Available data →
╭──

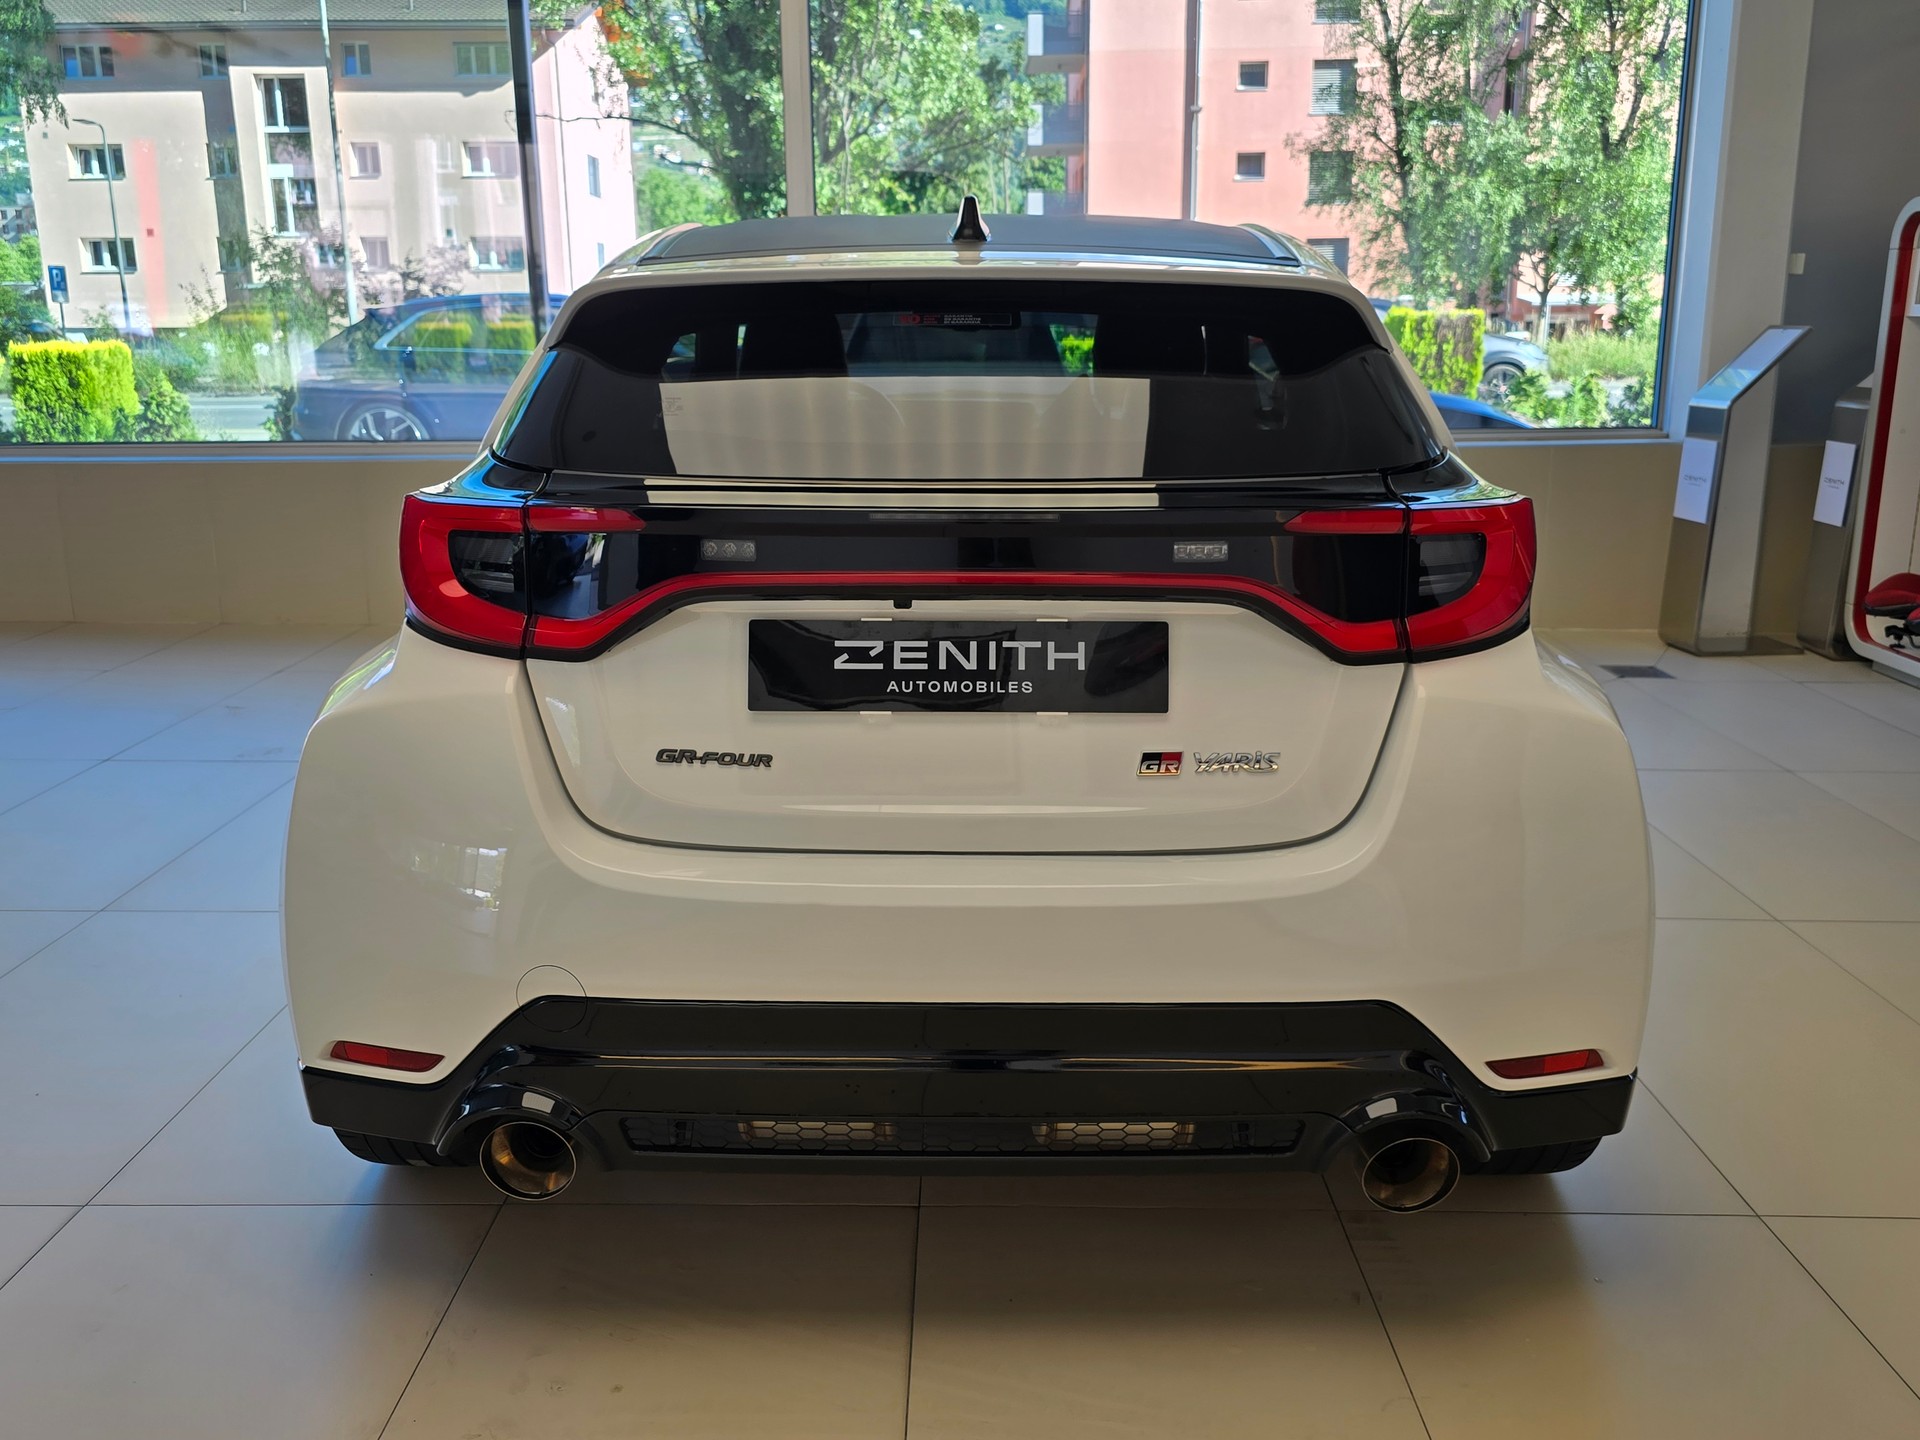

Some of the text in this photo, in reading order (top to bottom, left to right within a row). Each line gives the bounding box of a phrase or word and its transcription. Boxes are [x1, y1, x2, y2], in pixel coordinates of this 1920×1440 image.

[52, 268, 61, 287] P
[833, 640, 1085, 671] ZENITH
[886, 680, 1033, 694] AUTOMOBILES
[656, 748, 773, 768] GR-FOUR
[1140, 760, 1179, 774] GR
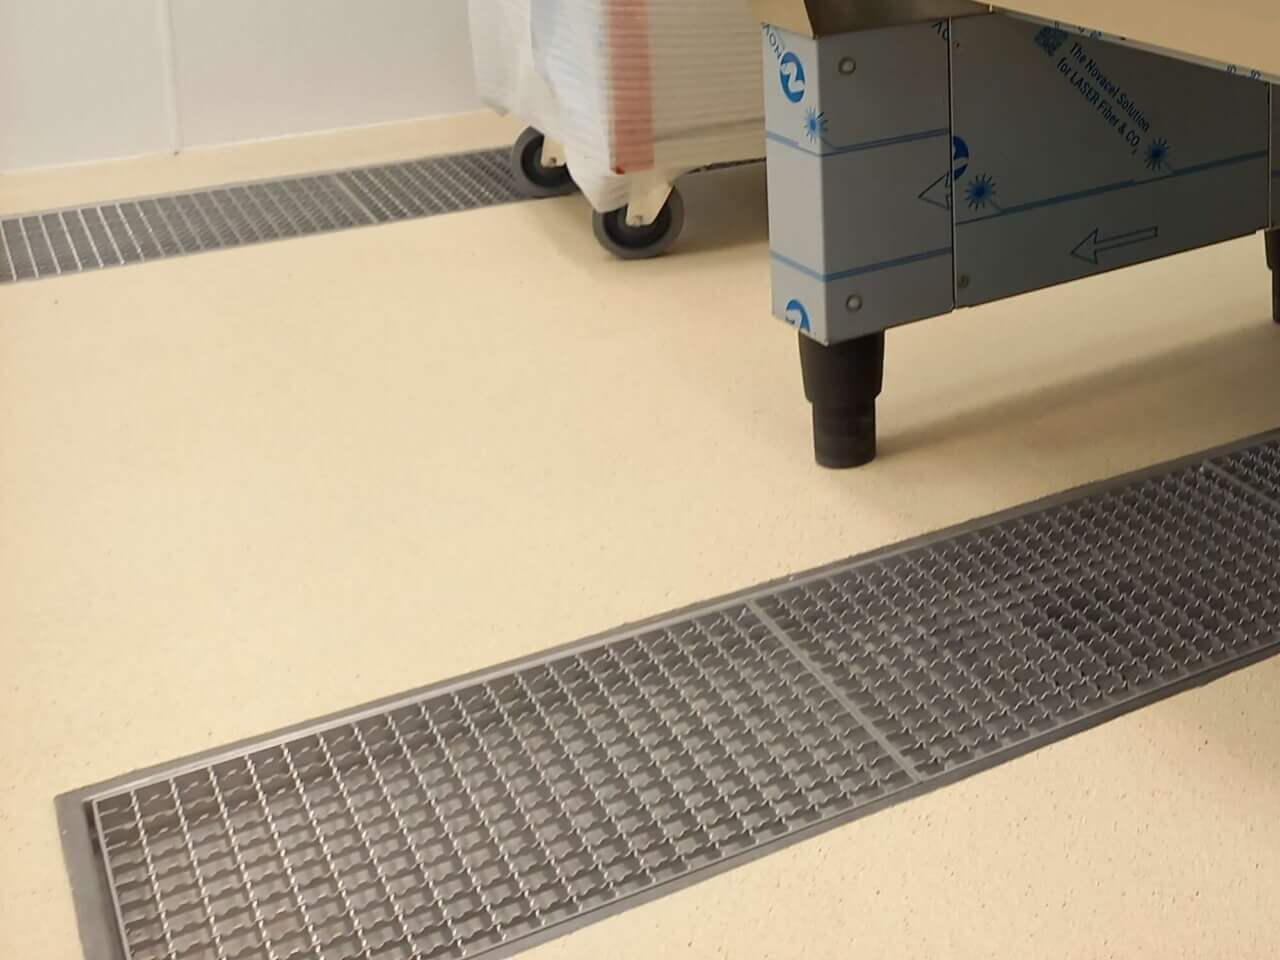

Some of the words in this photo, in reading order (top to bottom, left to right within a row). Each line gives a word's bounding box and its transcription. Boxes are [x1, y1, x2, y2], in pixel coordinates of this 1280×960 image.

╰──
╭──

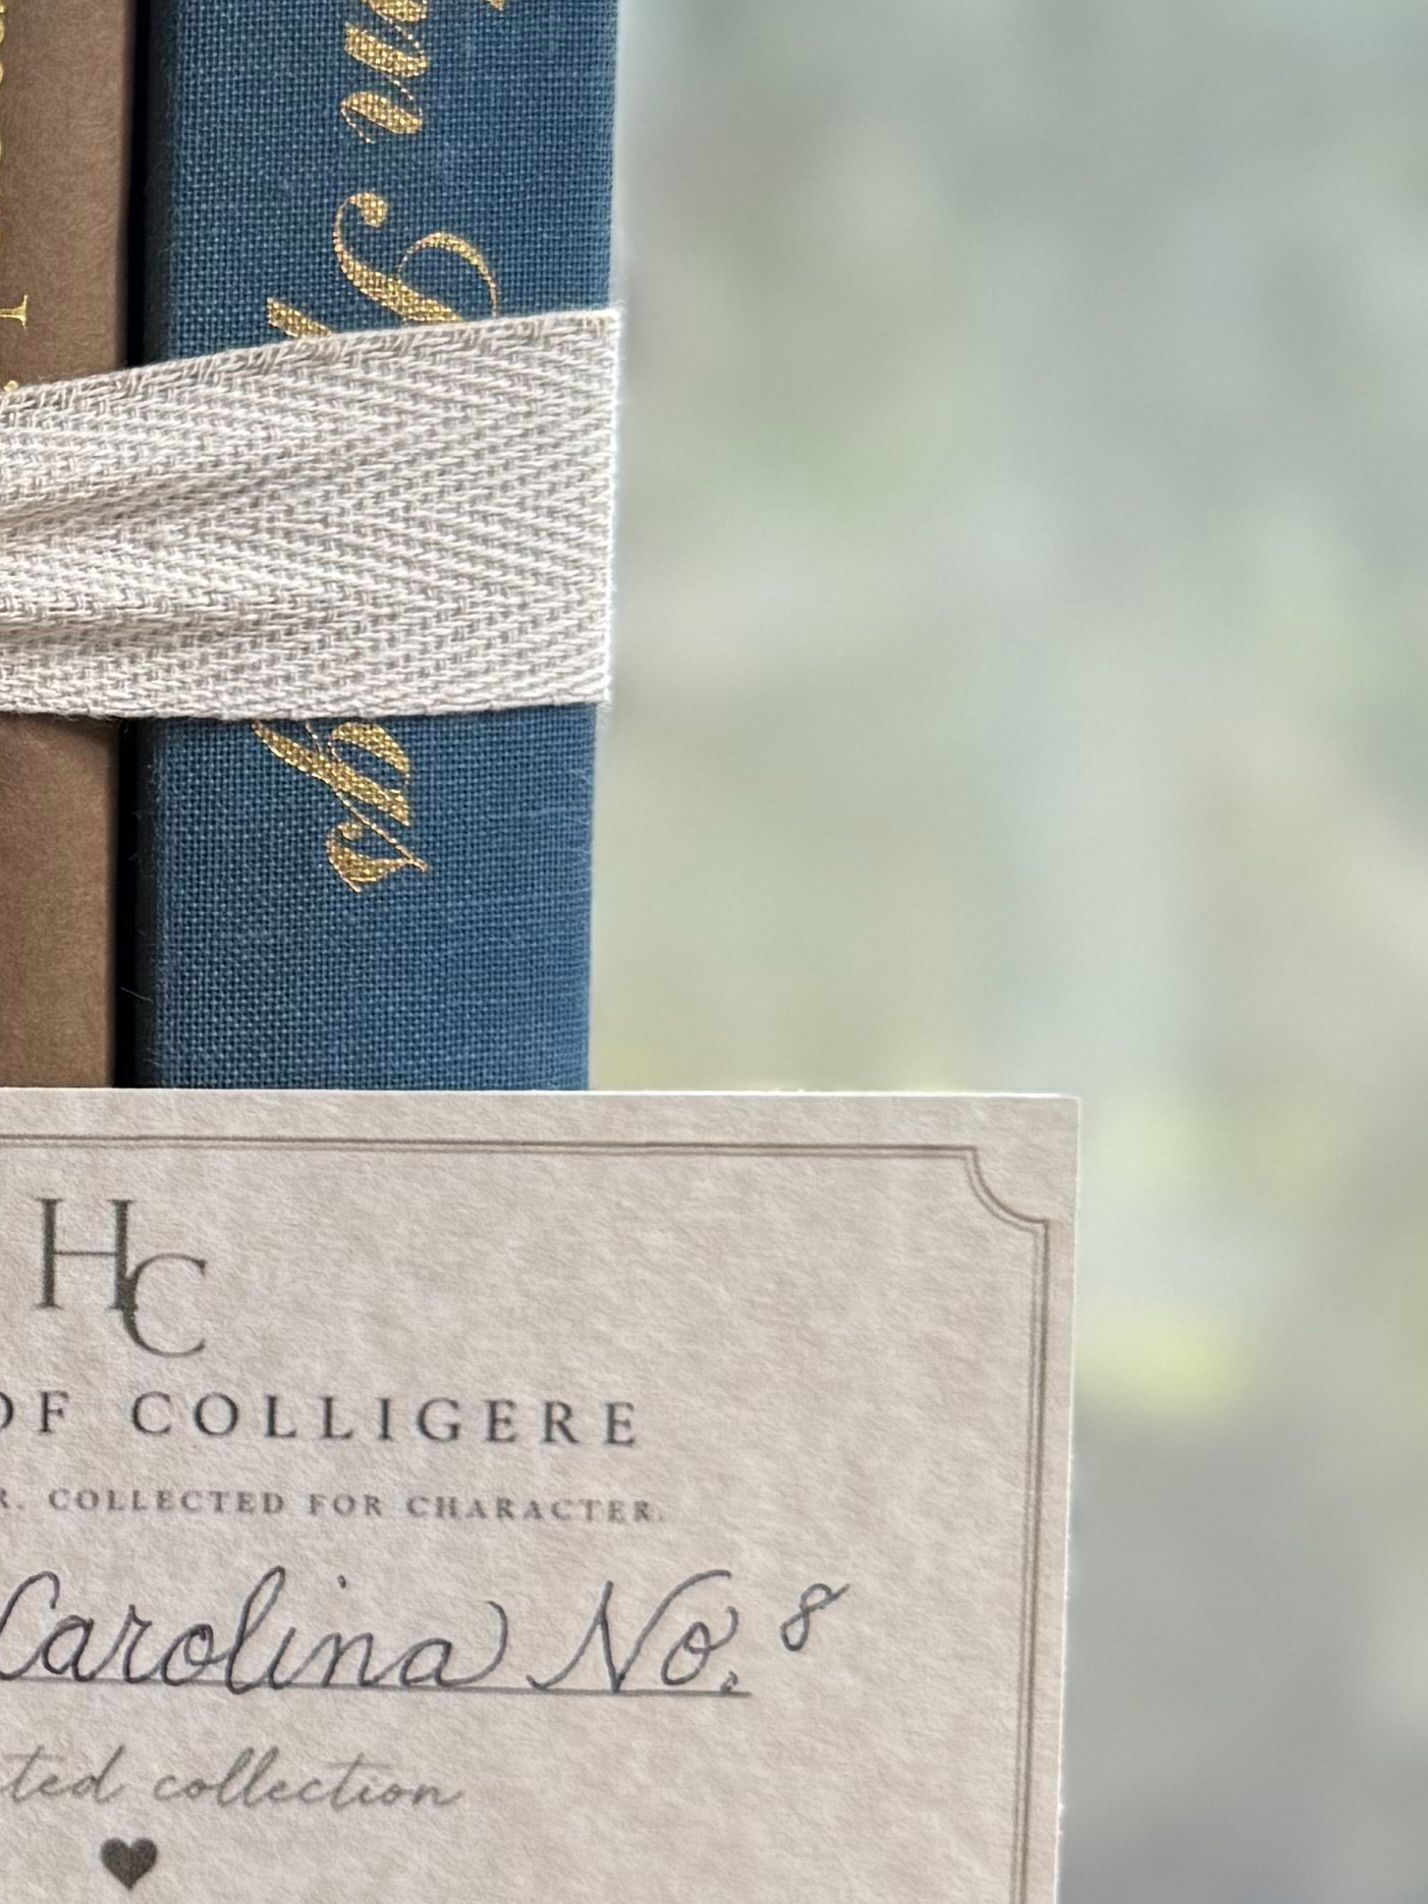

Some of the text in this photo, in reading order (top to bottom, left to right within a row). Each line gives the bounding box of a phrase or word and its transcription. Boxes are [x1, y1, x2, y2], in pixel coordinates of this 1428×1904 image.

╰──

Task details →
Only one stretch of the listing is wanted: the lines starting at the one with "this 1920×1440 image." and ending at the one with "Some of the words", copied exactly and free of pictures.

Task output →
Some of the text in this photo, in reading order (top to bottom, left to right within a row). Each line gives the bounding box of a phrase or word and its transcription. Boxes are [x1, y1, x2, y2], in pixel coordinates of this 1920×1440 image.

[52, 268, 61, 287] P
[833, 640, 1085, 671] ZENITH
[886, 680, 1033, 694] AUTOMOBILES
[656, 748, 773, 768] GR-FOUR
[1140, 760, 1179, 774] GR

Some of the words in this photo, in reading order (top to bottom, left to right within a row). Each line gives a word's bounding box and its transcription. Boxes are [x1, y1, x2, y2], in pixel coordinates of this 1280×960 image.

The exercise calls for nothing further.